The craze of muscle cars once filled the land, they were even discussed on Wall Street as possible investments. Today their popularity has wavered, but only with the elite crowd who have shoved them aside to make way for yet new Beemer or Mercedes. Only true love endures, and the muscle cars will always find a home with certain collectors. But most of the want list is riddled with names like GTO, Mustang, Camaro and AMX. Not all muscle car were small or mid-sized power horses. Some were big, with big motors and were, for their size, fast and earn the name muscle car also. Chevrolet began the big musclecar in 1961 with the release of the Super Sport package for their Impala line. Many wrongly believe that the SS package was designed to promote the 409-CI powerplant. This is not the case, the Super Sport was designed to give the full-size Chevrolet a sporty image.
Baby boomers were just coming to age. Wanting to crave a slice of that market, Chevrolet created the Impala Super Sport. It would be the first time the SS name would grace the flanks of a production model. The package was offered on any Impala model, this included the four-door sedan and four-door hardtop. Included in this package was special body side trim ; special tri-spoke look full wheel covers; tachometer; padded instrument panel; 8.00x14 white wall tires; power steering and power metallic-lined brakes; heavy duty suspension and passenger grab bar with SS logo and SS logo on the rear deck lid.
Also part of this package as mandatory equipment was one of the high-performance or Special high performance V-8's only the 348-ci in either 305, 340 or 350 hp version were available with the SS package. Later in the year the 409-ci 360 hp V-8 would also be offered. Four-speed with the standard shifter, though a Powerglide automatic was available with the 305-horsepower powerplant.
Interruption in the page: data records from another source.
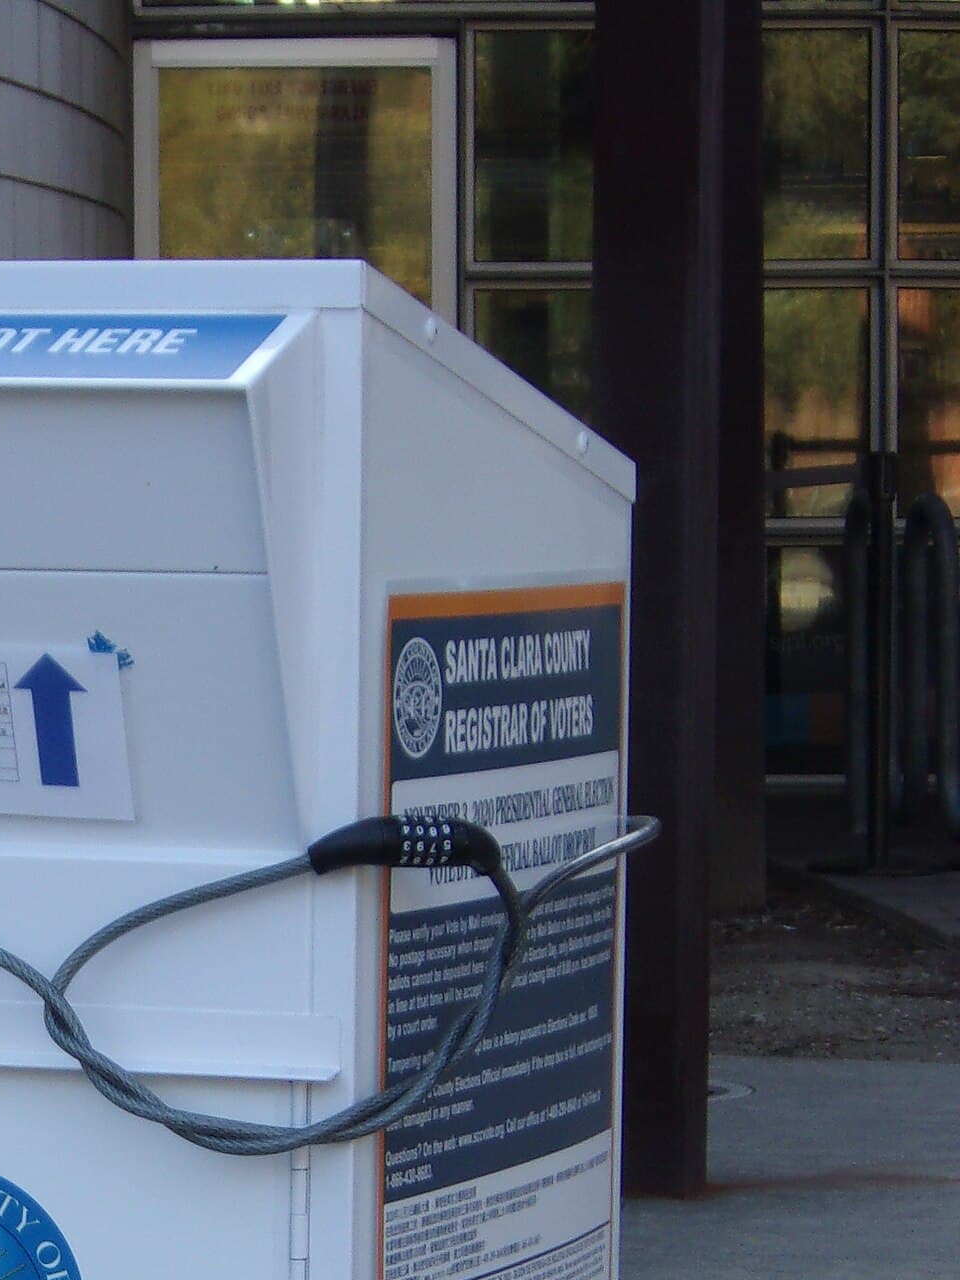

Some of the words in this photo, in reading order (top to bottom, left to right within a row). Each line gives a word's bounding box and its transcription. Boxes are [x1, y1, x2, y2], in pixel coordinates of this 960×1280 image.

[48, 328, 198, 355] HERE
[445, 638, 498, 684] SANTA
[501, 633, 541, 679] CLARA
[544, 629, 591, 674] COUNTY
[445, 702, 528, 754] REGISTRAR
[531, 701, 547, 743] OF
[549, 694, 593, 740] VOTERS
[495, 787, 553, 826] PRESIDENTIAL
[533, 833, 562, 869] BALLOT
[389, 929, 410, 943] Please
[446, 920, 458, 933] Vote
[459, 918, 467, 934] by
[389, 953, 398, 966] No
[399, 951, 424, 966] postage
[426, 945, 455, 959] necessary
[388, 976, 409, 990] ballots
[411, 972, 432, 985] cannot
[434, 969, 441, 981] be
[387, 1025, 395, 1039] by
[402, 1020, 419, 1034] court
[388, 1056, 420, 1072] Tampering
[433, 1081, 453, 1096] County
[455, 1075, 480, 1090] Elections
[481, 1068, 499, 1083] Official
[403, 1109, 431, 1126] damaged
[385, 1144, 421, 1165] Questions?
[423, 1142, 432, 1156] On
[432, 1140, 442, 1154] the
While Chevrolet may not have been credited with building the first muscle car, that honor is generally agreed to belong to Pontiac with the GTO, they did create the first true full-size muscle car with the Impala Super Sport. And those others would try; Pontiac with their 2+2, Ford with the Galaxie XL 500; Mercury's Marauder; Plymouth's Fury Sport GT. While today the full-size muscle car has gotten some attention, it is often over shadowed by the mid-sized warriors.
There is another growing trend we have noticed and that is that full-size coupe models are growing in popularity. Convertibles have always been a staple no matter if they are big or compacts. But just recently non-Impala SS two-door hardtops are finding favor with collectors. We feel, that this trend will continue, we will never see cars as big again and that is part of the draw, and it will spread to other makes like Buick and Oldsmobile.
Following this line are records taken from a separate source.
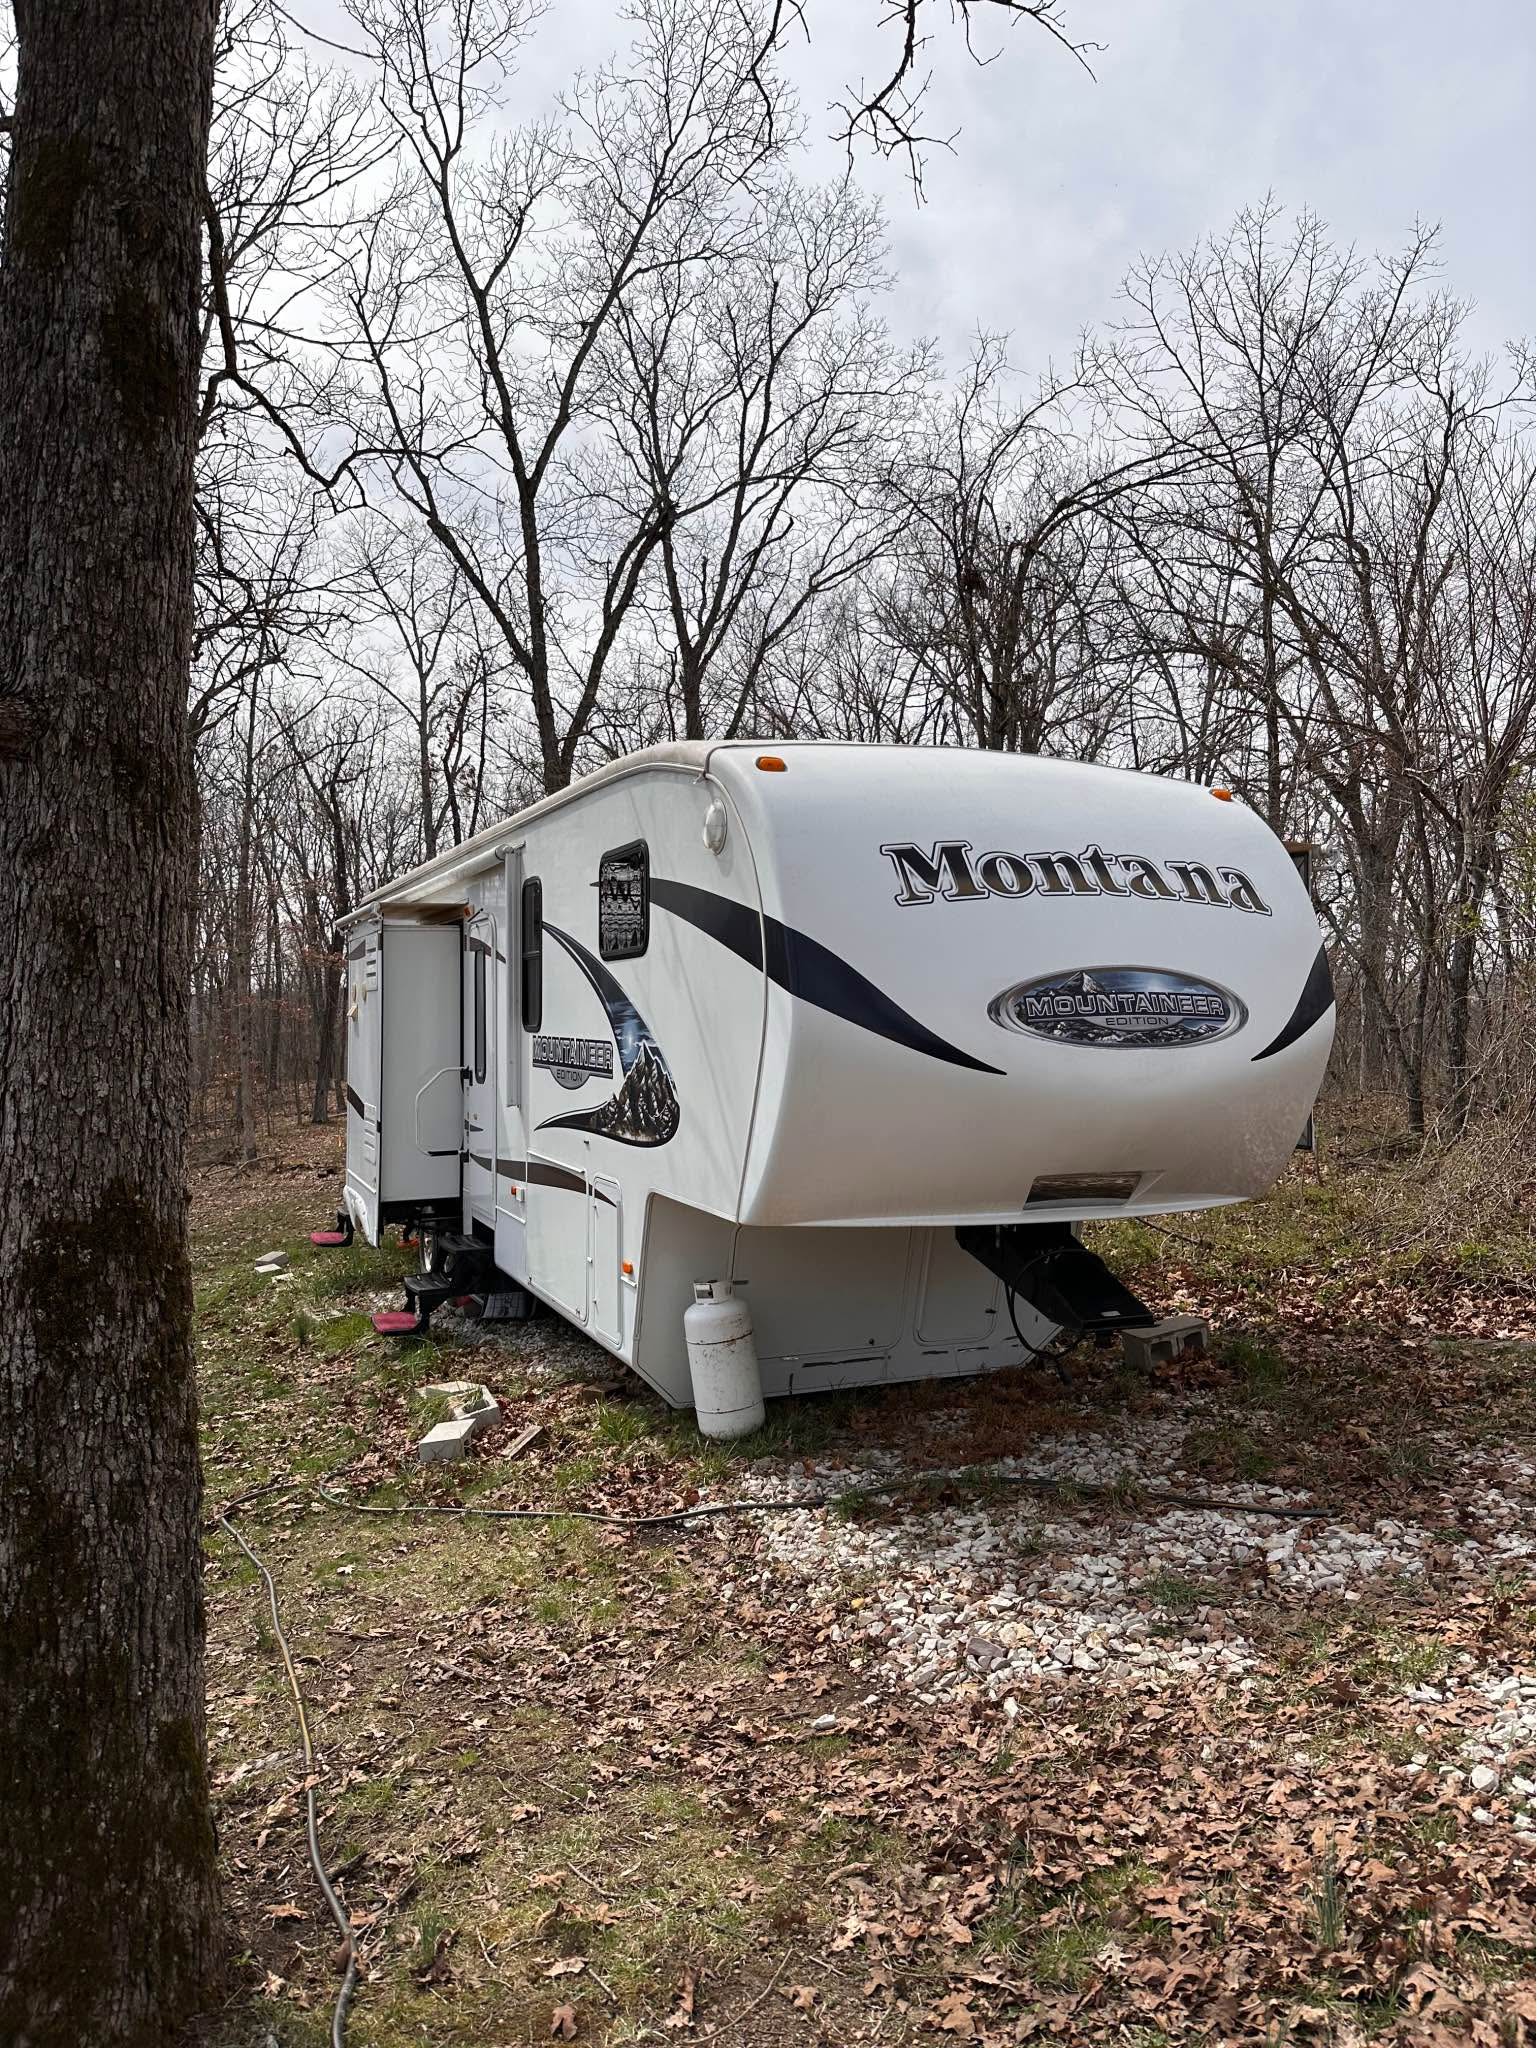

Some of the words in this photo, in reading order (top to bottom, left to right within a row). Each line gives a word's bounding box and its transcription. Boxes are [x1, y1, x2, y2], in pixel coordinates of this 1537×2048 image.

[880, 840, 1272, 916] Montana
[1025, 992, 1225, 1018] MOUNTAINEER
[1105, 1015, 1169, 1026] EDITION
[532, 1036, 613, 1069] MOUNTAINEER
[556, 1069, 583, 1082] EDITION
Right now, fine examples of big machines can be found for a little of nothing. And because these cars were usually sold to older buyers back when they were new, the cars have a tendency to still be in fairly good shape still. We scoured the ads and saw four for sale just in the area we are located in, and all were available under $4000.00. Also, don't overlook a four door model as a parts car. The sedan version will easily go for under a grand, and be in good running condition. There is no way we can cover all full-size model in one issue,so we have decided to spread it out. This month we focus on the big Buick.
The big Buick comes in two different styles. The Le Sabre, which is closely related to the Impala, and the extra big Electra 225 which is more closer related to the Caddy. For some reason Caddies and the big Electra seem to be too big and the better choice is the LeSabare. Opt only for the convertible or the two hardtop version, and preferably with the large 455-ci powerplant. The 1970-1972 versions can be had in good shape for under two grand with a top and under three grand with a folding top. Also opt for the Custom line, it is a better buy.
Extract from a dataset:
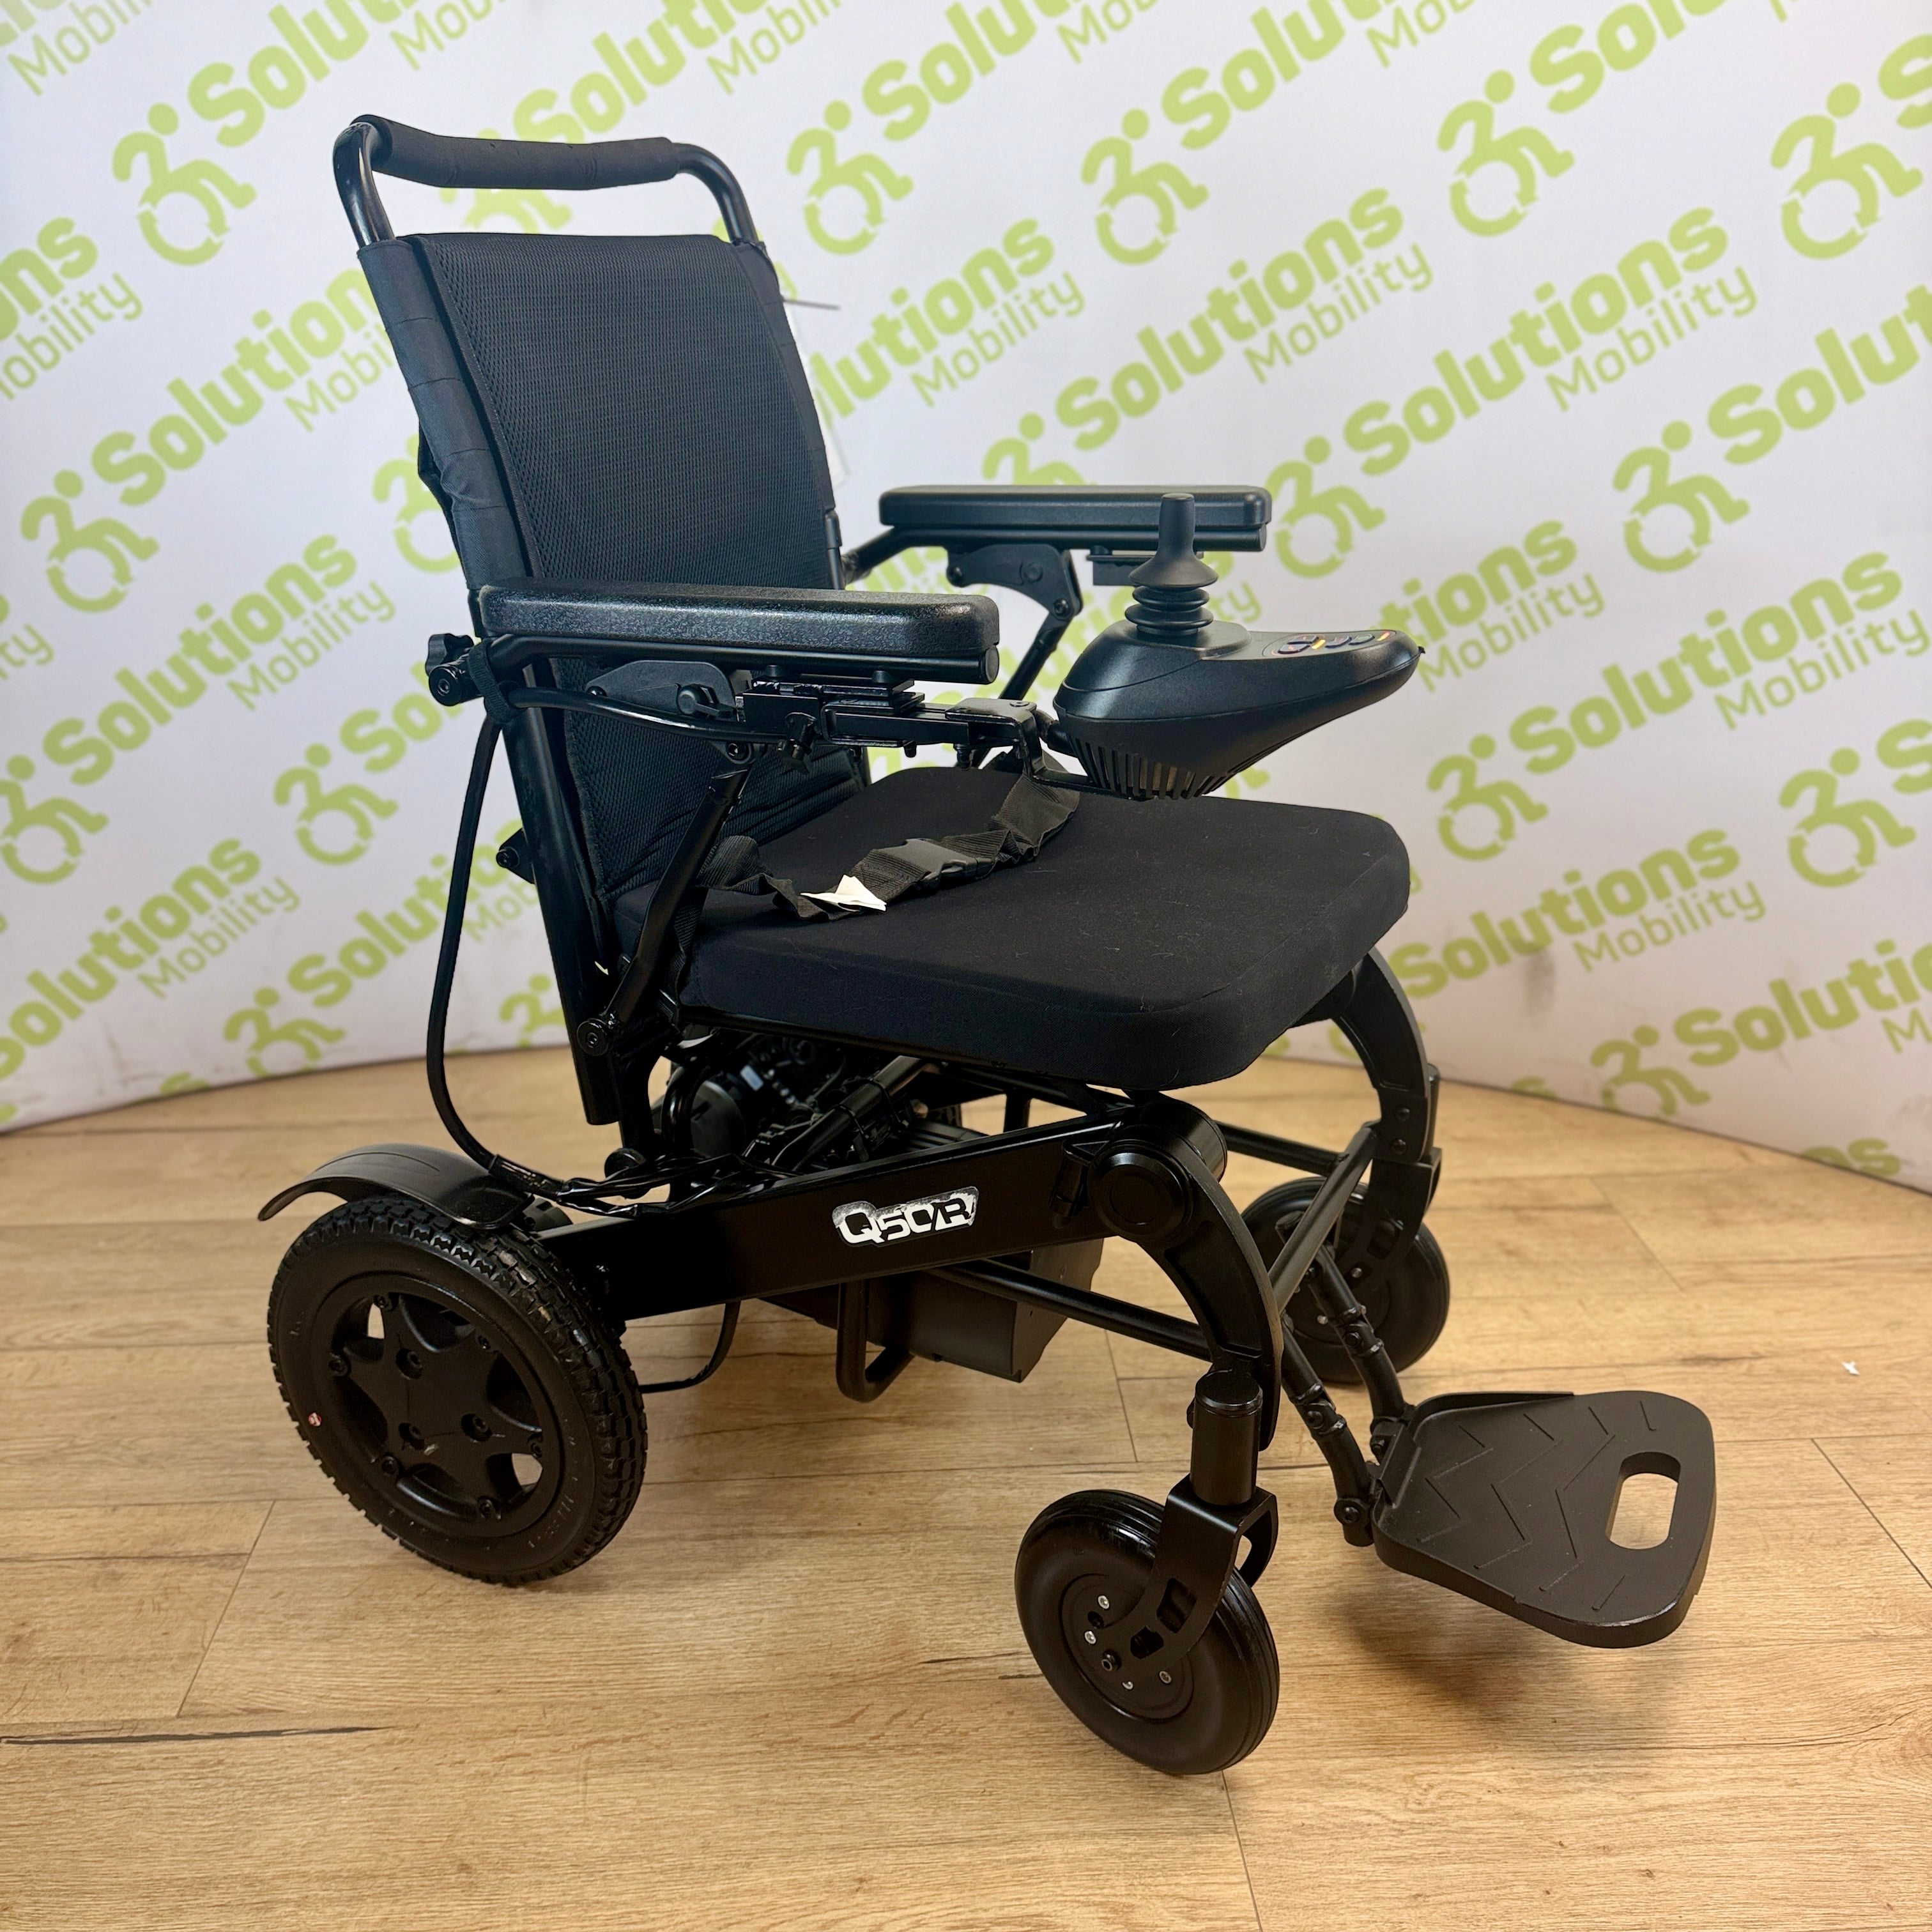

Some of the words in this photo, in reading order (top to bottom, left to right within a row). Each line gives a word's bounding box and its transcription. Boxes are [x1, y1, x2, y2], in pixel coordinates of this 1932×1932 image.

Styled Wheels were available on the big Buick and are an
Coming or going the 1972 Buick LeSabare is big. But a prime
market that is climbing.
Show Me Car Price Scale
We base our prices on current markets that these models are selling for. Or that the base current mode is selling with an increase for special add ons. This is a summary of our classifications.
Class 1- 100% restored to factory specifications. Looks like it came right off the showroom floor. A Class 1 car is not driven. Very few cars are Class 1.
Class 2- An original that is very well-maintained showing only minimal wear. Could be an older professional restoration. Driven less then 1,000 miles a year.
Class 3- What most show cars are. Looks excellent 20 feet away. But there are obvious signs worn foot pedals and carpeting, chrome is not as bright, but all systems are in operating order. Driven less then 3,000 mile a year.
Class 4- A common used car. Easily shows signs of wear even from 20 feet away. But all systems are in working order or need only minor repairs to make them so. A restoration driven over 3,000 miles a year. Could have light body damage, but no replacement of body panels.
Class 5- Needs total restoration. Damaged front fenders, hood or door panels that need to be replaced. Car can be running or not. No rusted out floor pans, rear quarters or roof panels.
Salvage- Usually not running. Rusted out floor pans, roof but not stripped to the point that it is not useful for parts.